The market
The global battery market will reach nearly $74 billion in 2011. The Chinese market is the largest and fastest growing. The United States, for its part, accounts for approximately $15 billion in revenue for 15 billion batteries. High-end batteries are experiencing the strongest growth. The global market for materials used in battery manufacturing amounts to $3.8 billion annually. The added value generated from the metals extracted to create a finished product is almost one to twenty. Battery manufacturing and sales are definitely a profitable business. Although automotive batteries are almost 100% recycled, it is estimated that 40 billion batteries will end up in landfills this year. This means that approximately $2 billion worth of precious and rare metals will be discarded. While the first battery dates back two thousand years, it was Thomas Edison who created the first alkaline battery with a power output of 1 to 1.35 V. Today, the electrical power of batteries is measured in Joules (1 Joule = 1 Watt per second). One Watt-hour (Wh) therefore represents 3600 Joules. The global battery market has evolved considerably in recent years. Lead-acid batteries cost $0.17 per Wh. They are the cheapest and the ones that power cars. Nickel-cadmium batteries cost almost ten times more ($1.50). Lithium-ion batteries, on the other hand, are the standard used in Nissan electric vehicles at a cost of $0.47 per Wh. Few people realize that a kilowatt-hour of electricity produced by a battery can cost 100 to 500 times more than electricity from the grid. Society is willing to pay a high price for mobility. The largest energy storage battery was built by ABB in Fairbanks, Alaska. The enormous nickel-cadmium battery provides 40 MW, enough electricity to power 12,000 people for up to seven minutes. The smallest battery measures 2.9 mm by 1.3 mm, about the size of a pencil tip, and can be charged for 10 years.Innovation
A major drawback of batteries is their weight. Lightweight batteries are a priority for the industry. Recharging batteries by pumping in a rechargeable electrolyte, instead of having to replace or recharge an entire unit, is another prominent innovation. The arrival of the vanadium-based battery, which can be recharged at least 10,000 times, is another breakthrough, even though the medium is in short supply to meet global demand. However, batteries are limited in terms of mining, recycling, and energy potential. One kilogram of crude oil yields 50 megajoules (MJ) of energy, while one kilogram of lead-acid batteries can only produce 0.1 MJ of electricity—500 times less. This explains why energy from batteries is so expensive and why recovering excess electricity from battery storage will always be at a competitive disadvantage. Weight for weight, even the best batteries in the world could theoretically only produce 6% of the energy that oil provides.

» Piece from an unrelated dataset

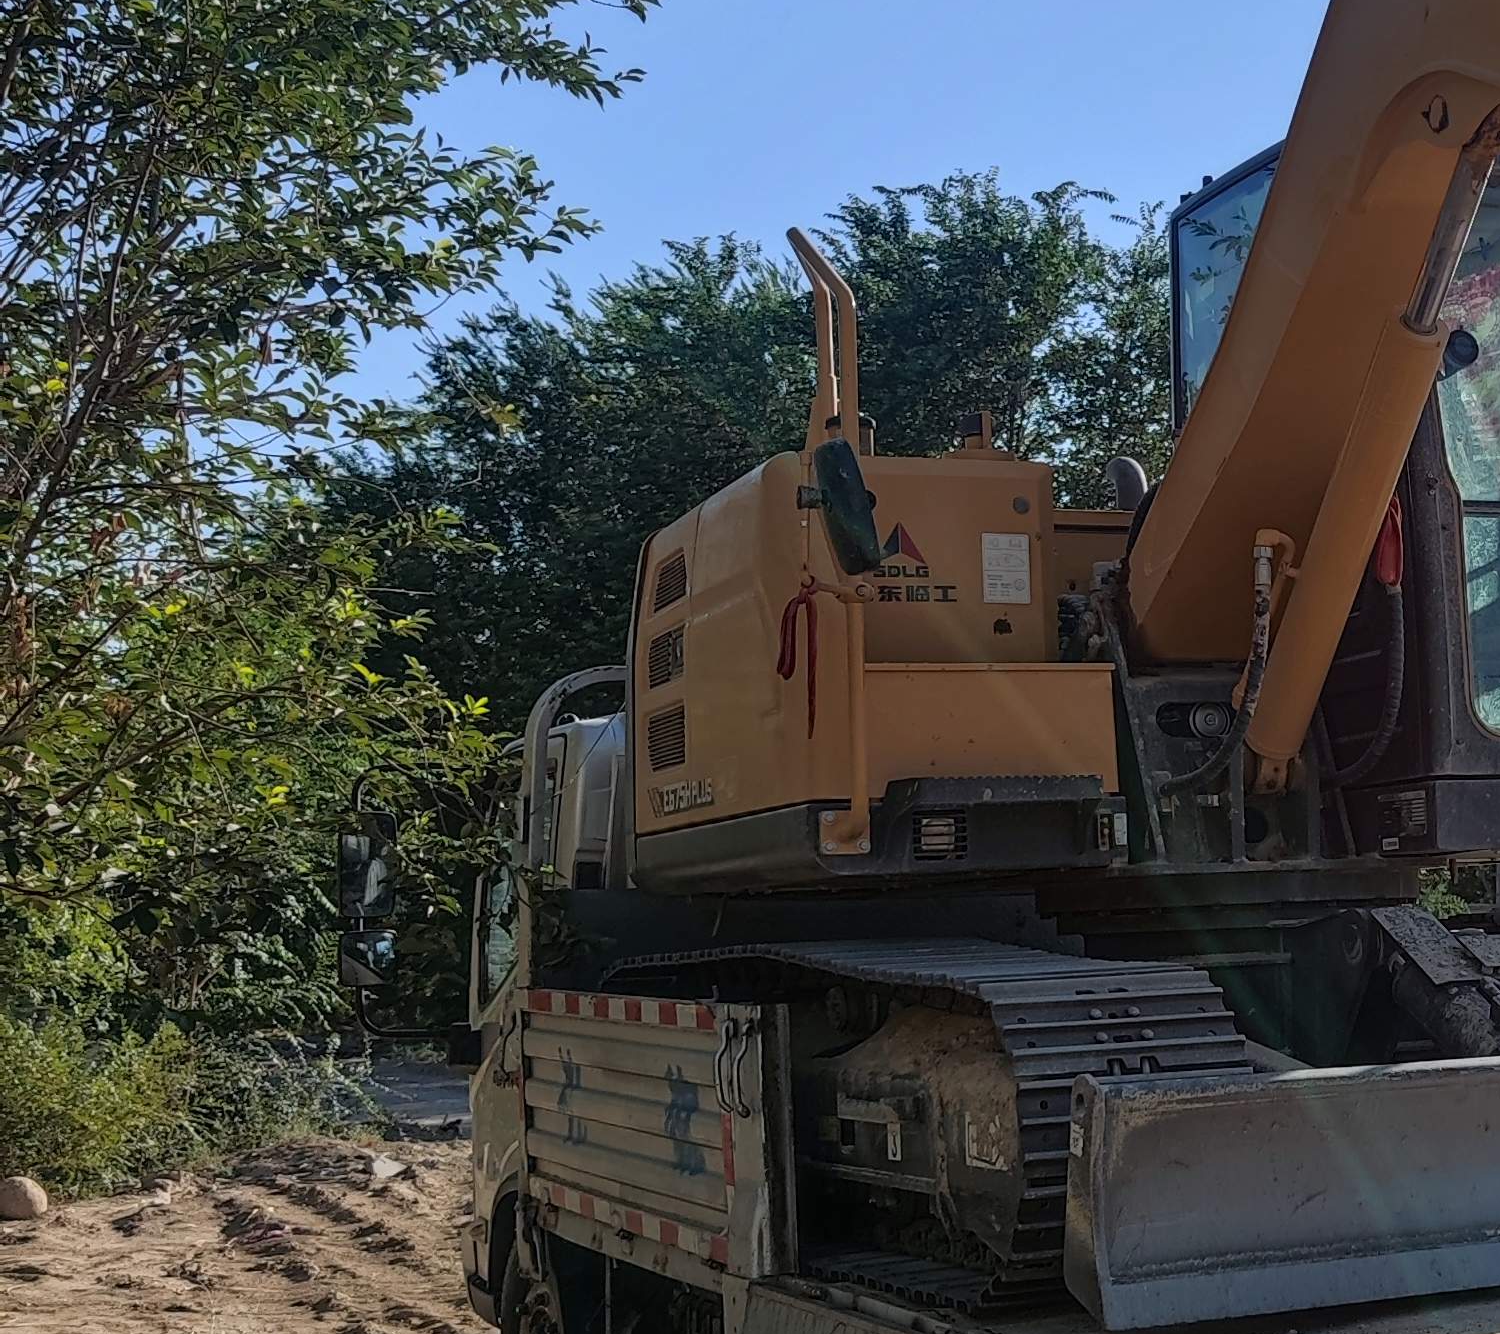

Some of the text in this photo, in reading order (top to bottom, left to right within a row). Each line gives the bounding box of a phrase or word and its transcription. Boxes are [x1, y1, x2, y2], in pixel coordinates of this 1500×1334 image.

[873, 565, 930, 578] SDLG
[870, 584, 958, 603] 东临工
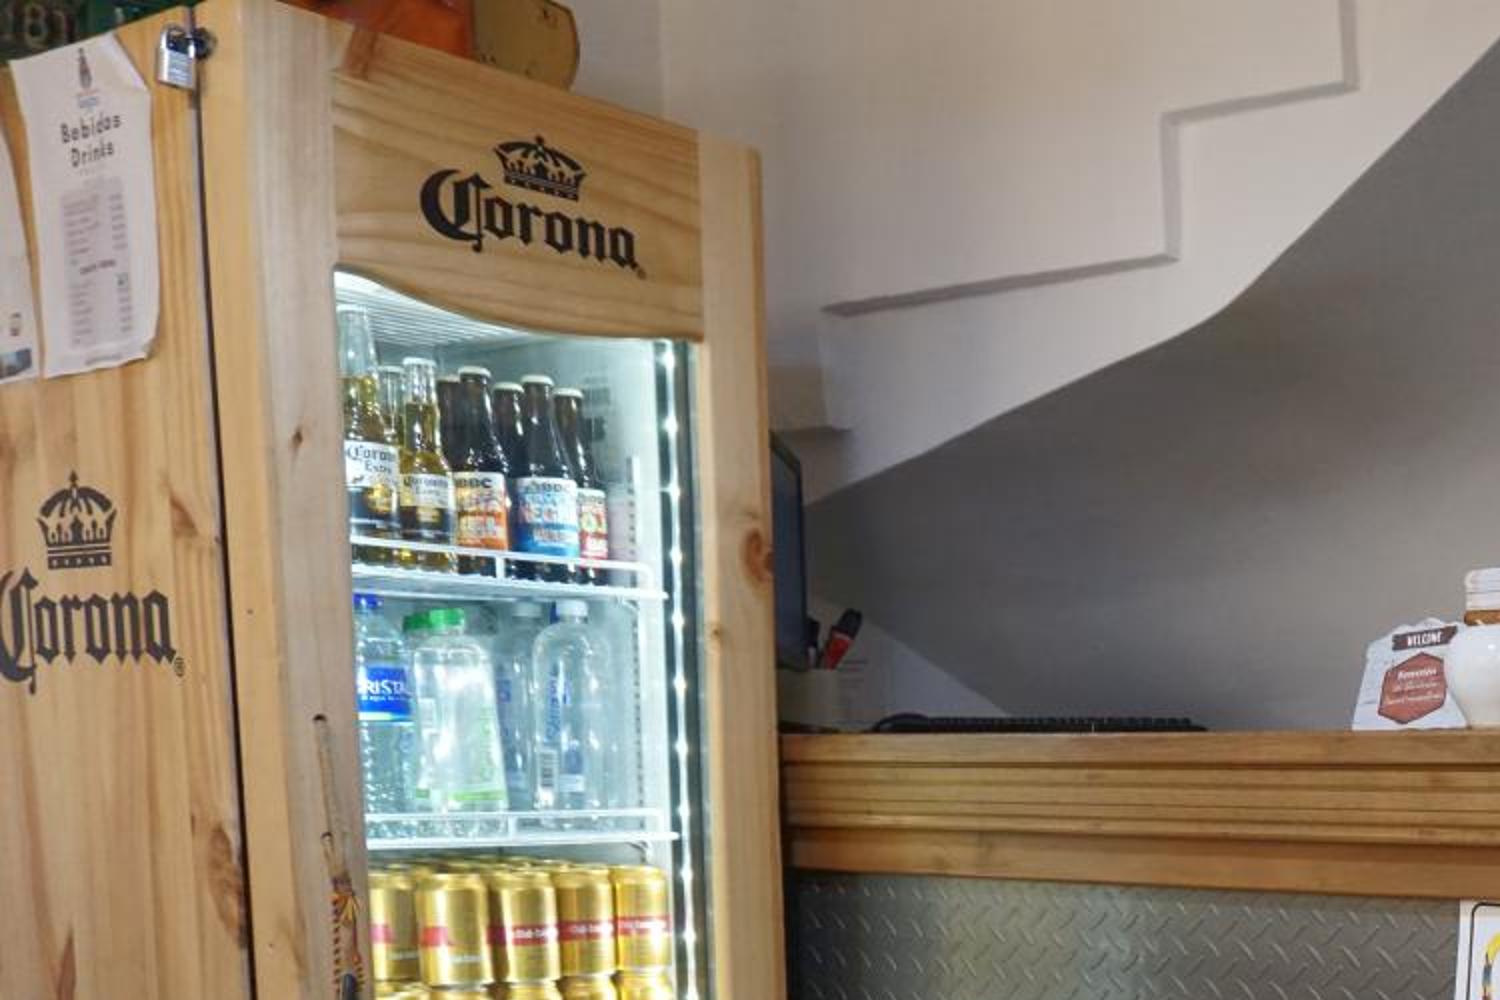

Professor Bo Nordell of Luleå University of Technology in Sweden has long been impressed by water's capacity to store heat. He studied thermal energy storage and discovered that one cubic meter of water can hold 334 MJ or 93 kWh of heat. The possibility of using ice, storing energy from the frozen winter months, or utilizing solar-heated water (see Case 53) represents an inexpensive storage mechanism that works very efficiently when applied on a large scale, with minimal infrastructure costs. There is no limit to the number of recharges. Professor Nordell supported Kjell Skogberg's doctoral thesis, which led to the construction of the world's first snow-cooling facility in Sundsvall, Sweden, for the town's main hospital, harnessing the coolness of snow collected during the winter.